Assessability of the Dividend Component and tax offset

Direct distributions

57. In the case of Australian resident shareholders (other than a partnership or trust) who participate in the Buy-Back and who directly receive the Dividend Component:

·
the Dividend Component is included in the assessable income of each shareholder under subsection 44(1); and
·
subject to the 'qualified person' rule, an amount equal to the amount of the franking credit on the Dividend Component is included in the assessable income of each shareholder under subsection 207-20(1) of the ITAA 1997 (gross-up).

58. Subject to the 'qualified person' rule, these shareholders are entitled to a tax offset under subsection 207-20(2) of the ITAA 1997 equal to the amount of the franking credit on the Dividend Component.

Indirect distributions

59. The franked distribution may flow indirectly to a partner in a partnership or a beneficiary of certain trusts.
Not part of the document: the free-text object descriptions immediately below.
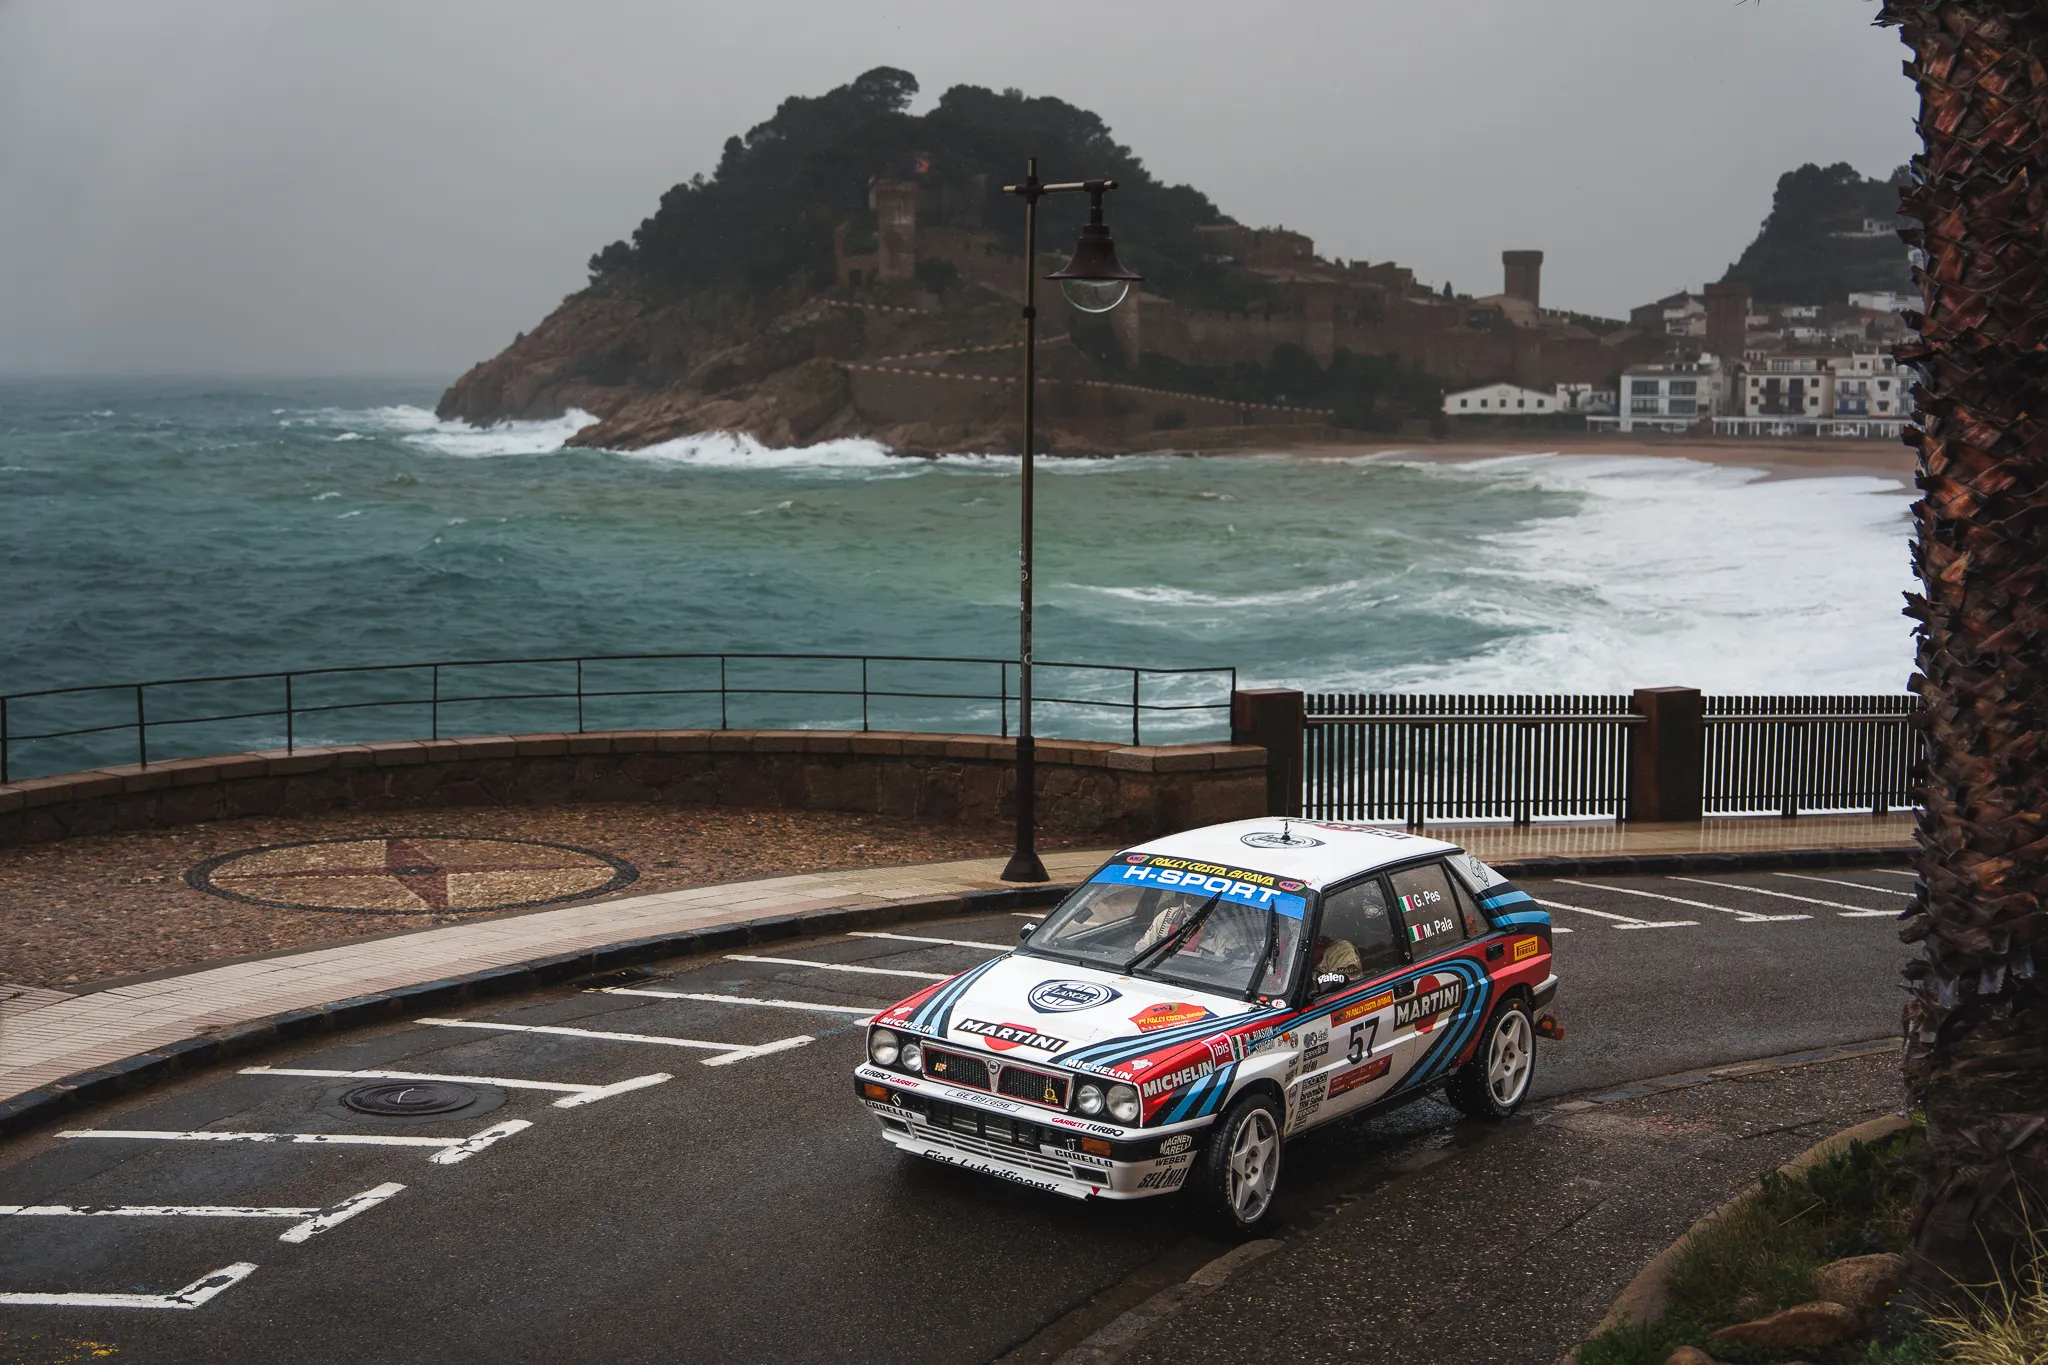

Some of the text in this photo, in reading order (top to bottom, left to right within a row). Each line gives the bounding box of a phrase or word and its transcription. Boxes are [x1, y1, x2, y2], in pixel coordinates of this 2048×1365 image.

[1149, 857, 1190, 870] RALLY
[1187, 862, 1227, 876] COSTA
[1227, 869, 1276, 887] BRAVA
[1123, 865, 1282, 903] H-SPORT
[1413, 889, 1441, 908] G. Pes
[1423, 917, 1454, 939] M. Pala
[1052, 988, 1091, 1003] LANCIA
[1395, 983, 1460, 1027] MARTINI
[880, 1017, 939, 1034] MICHELIN
[1147, 1015, 1166, 1024] RALLY
[960, 1019, 1065, 1053] MARTINI
[1347, 1016, 1380, 1065] 57
[1213, 1041, 1229, 1057] ibis
[859, 1068, 920, 1088] TURBO GARRETT
[1064, 1057, 1133, 1081] MICHELIN
[1142, 1060, 1214, 1098] MICHELIN
[1051, 1117, 1125, 1137] GARRETT TURBO
[923, 1149, 954, 1164] Fiat
[1054, 1149, 1114, 1168] CARELLO
[1155, 1155, 1188, 1167] WEBER
60. In general terms, pursuant to subsection 207-50(2) of the ITAA 1997, a franked distribution will flow indirectly to a partner in a partnership where the partner:

·
has an individual interest in the partnership's net income that is covered by paragraph 92(1)(a) or paragraph 92(1)(b), or has an individual interest in a partnership loss of the partnership that is covered by paragraph 92(2)(a) or paragraph 92(2)(b); and
·
has a share of the franked distribution under section 207-55 of the ITAA 1997 that is a positive amount.
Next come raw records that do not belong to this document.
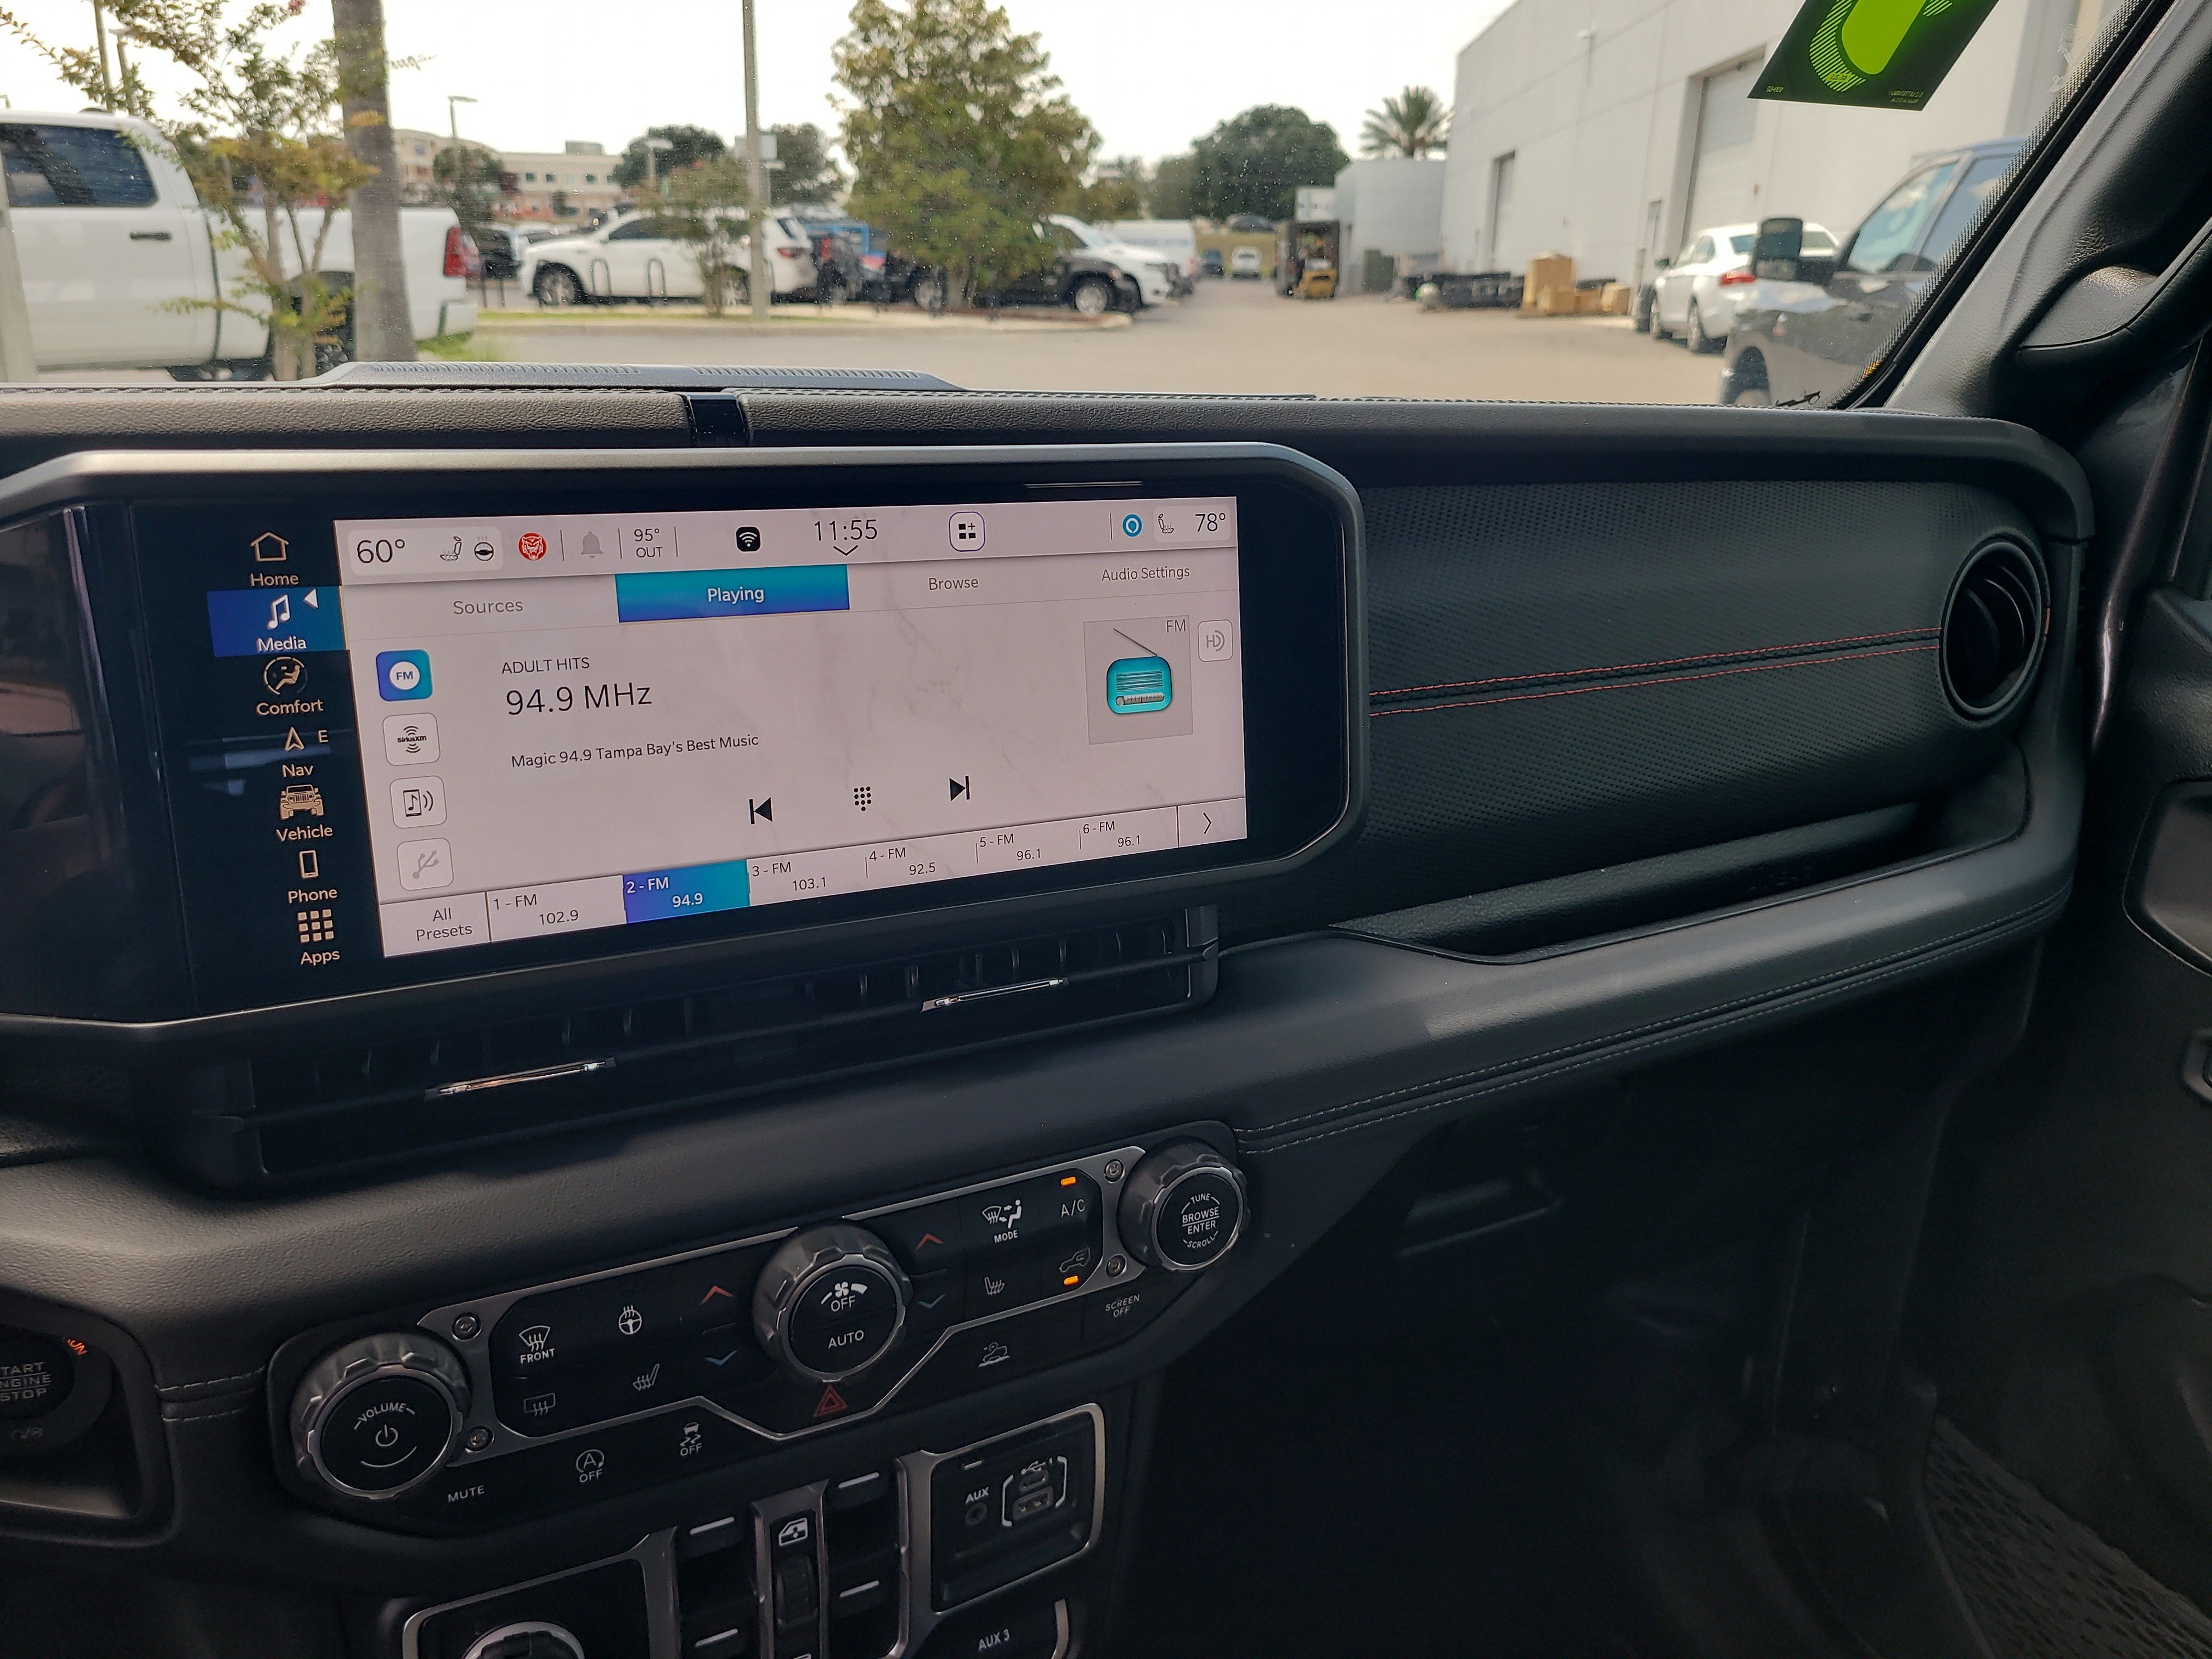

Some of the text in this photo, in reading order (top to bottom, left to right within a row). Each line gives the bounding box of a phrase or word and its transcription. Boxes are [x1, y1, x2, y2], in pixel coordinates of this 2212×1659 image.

[634, 528, 660, 541] 95°
[814, 519, 878, 541] 11:55
[636, 546, 663, 558] OUT
[250, 572, 299, 586] Home
[1102, 566, 1190, 582] Audio Settings
[929, 576, 979, 590] Browse
[707, 588, 764, 605] Playing
[453, 599, 523, 615] Sources
[1166, 619, 1186, 633] FM
[256, 637, 307, 651] Media
[501, 657, 590, 674] ADULT HITS
[397, 670, 414, 681] FM
[256, 699, 324, 715] Comfort
[506, 684, 652, 715] 94.9 MHz
[318, 730, 329, 743] E
[512, 733, 759, 769] Magic 94.9 Tampa Bay's Best Music
[281, 763, 314, 777] Nav
[276, 825, 333, 842] Vehicle
[1082, 823, 1090, 834] 6
[1099, 820, 1115, 832] FM
[979, 836, 986, 847] 5
[997, 832, 1014, 845] FM
[1118, 834, 1141, 847] 96.1
[869, 850, 877, 862] 4
[887, 847, 906, 860] FM
[1017, 849, 1042, 861] 96.1
[752, 866, 760, 877] 3
[772, 861, 792, 874] FM
[909, 862, 936, 876] 92.5
[627, 881, 636, 894] 2
[648, 877, 669, 891] FM
[792, 877, 827, 891] 103.1
[287, 887, 338, 902] Phone
[494, 899, 501, 910] 1
[515, 894, 538, 907] FM
[672, 894, 703, 909] 94.9
[433, 909, 452, 921] All
[539, 910, 579, 926] 102.9
[416, 923, 472, 941] Presets
[300, 949, 340, 965] Apps
[1190, 1193, 1211, 1204] TUNE
[1060, 1199, 1085, 1219] A/C
[1182, 1207, 1220, 1223] BROWSE
[1187, 1220, 1217, 1234] ENTER
[994, 1229, 1019, 1244] MODE
[1187, 1235, 1215, 1248] SCROLL
[830, 1295, 855, 1312] OFF
[1105, 1294, 1140, 1312] SCREEN
[1113, 1306, 1131, 1317] OFF
[828, 1329, 865, 1348] AUTO
[64, 1338, 88, 1356] UN
[520, 1348, 556, 1364] FRONT
[0, 1362, 44, 1374] TART
[0, 1374, 52, 1389] NGINE
[0, 1388, 47, 1401] STOP
[358, 1402, 406, 1423] VOLUME
[680, 1443, 702, 1456] OFF
[579, 1469, 603, 1483] OFF
[447, 1485, 485, 1503] MUTE
[965, 1486, 989, 1504] AUX
[978, 1628, 1010, 1651] AUX 3
61. In general terms, pursuant to subsection 207-50(3) of the ITAA 1997, a franked distribution will flow indirectly to a beneficiary of a trust where the beneficiary:

·
has a share of the trust's net income that is covered by paragraph 97(1)(a) or has an individual interest in the trust's net income that is covered by section 98A or section 100; and
·
has a share of the franked distribution under section 207-55 of the ITAA 1997 that is a positive amount.

62. In the case of partnerships and certain trusts that participate in the Buy-Back the following income tax consequences arise.

Partnerships

63. Pursuant to subsection 44(1), the Dividend Component is included in the assessable income of the partnership for the purposes of computing the net income of the partnership under section 90.

64. Subject to the 'qualified person' rule, pursuant to subsection 207-35(1) of the ITAA 1997, an amount equal to the amount of the franking credit on the Dividend Component is included in the assessable income of the partnership for the purposes of computing the net income of the partnership under section 90 (gross up).

65. In the context of an entity that is an individual, a corporate tax entity when the distribution flows indirectly to it, or a trustee specified in paragraph 207-45(c) or 207-45(d) of the ITAA 1997 the entity will, subject to the 'qualified person' rule, be entitled to a tax offset equal to its share of the franking credit on the Dividend Component as determined under section 207-57 of the ITAA 1997.

Trusts

66. Pursuant to subsection 44(1), the Dividend Component is included in the assessable income of a trustee for the purposes of computing the net income of the trust under subsection 95(1).

67. Subject to the 'qualified person' rule, pursuant to subsection 207-35(1) of the ITAA 1997, an amount equal to the amount of the franking credit on the Dividend Component is included in the assessable income of the trustee for the purposes of computing the net income of the trust under subsection 95(1) of the ITAA 1936 (gross-up).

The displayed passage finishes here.